Back half: relion_tomo_subtomo (box 512 / crop 192 / bin 1, max-dose 50, --float16 --stack2d) then relion_refine_mpi --auto_refine --split_random_halves --ios <opt_set> --ref <half1> --solvent_mask <mask> --particle_diameter 230 --sym C6 --ini_high 5.5 --healpix_order 4 --pad 2 --ctf --solvent_correct_fsc --gpu, launched mpirun -n 5 (gold-standard refine needs ≥3 ranks), then relion_postprocess --auto_bfac true.
Compute: 4x T4 (g4dn.12xlarge spot, $1.35/hr), ~1.65 h, ~$2.2. Single-T4 contrast on g4dn.xlarge.
These ran as plain Slurm jobs on the managed cluster; the same parameter surface is now packaged as the relion-tomo-align and relion-tomo-sta templates.

The operating model

Everything above ran in the customer's own AWS account: GPUs are spot instances that the managed control plane requests and releases; the 30 GB working set lived on the account's EFS; the tilt series and maps never left the account. The control plane carries the run parameters, the instance type, the spot price, and the output paths as a queryable record — so "what did the 3.99 A run cost and what command produced it" is a lookup, not an archaeology project.

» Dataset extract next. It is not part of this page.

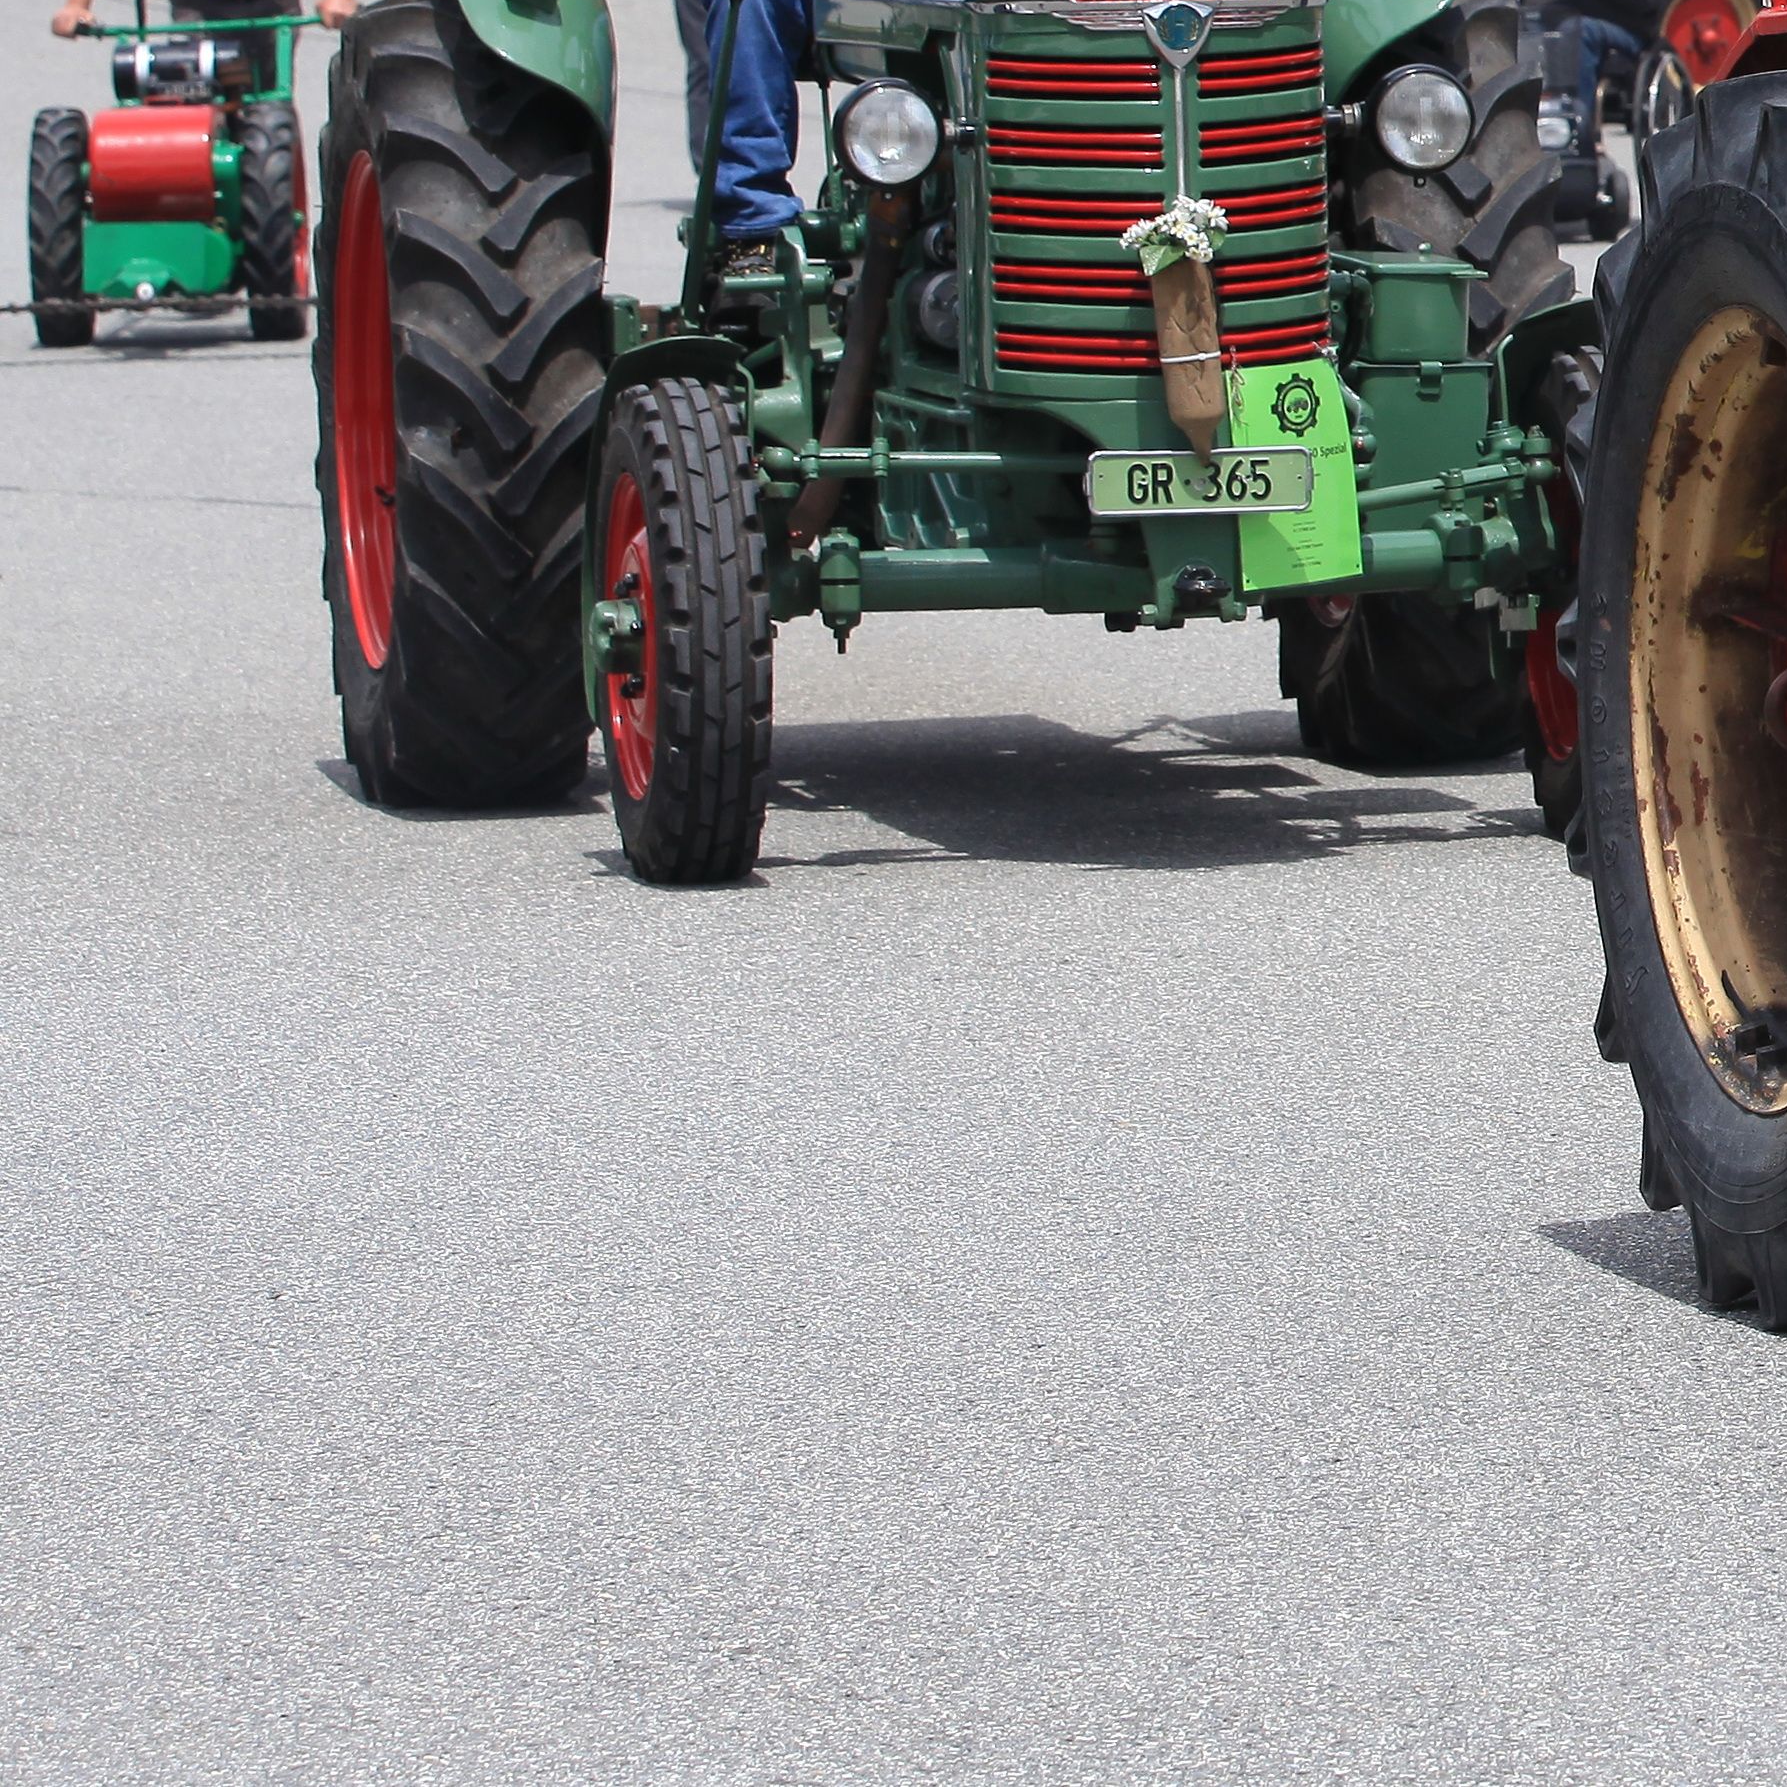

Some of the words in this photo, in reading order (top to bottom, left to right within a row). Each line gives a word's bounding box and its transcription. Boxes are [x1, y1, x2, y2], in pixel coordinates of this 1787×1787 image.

[1319, 442, 1347, 459] Spezial
[1126, 462, 1175, 504] GR
[1202, 458, 1273, 503] 365

That is the bet: cryo-ET is batchable enough to live on managed spot Slurm, the front half (AreTomo2 alignment + reconstruction) is fast and cheap, the back half is the same RELION engine we already operate, and the whole thing fits a single multi-GPU node for the datasets a Series-A structural-biology team actually has. The hard novel structures still need a human; the recognized benchmark, reproduced for a couple of dollars in your own account, does not.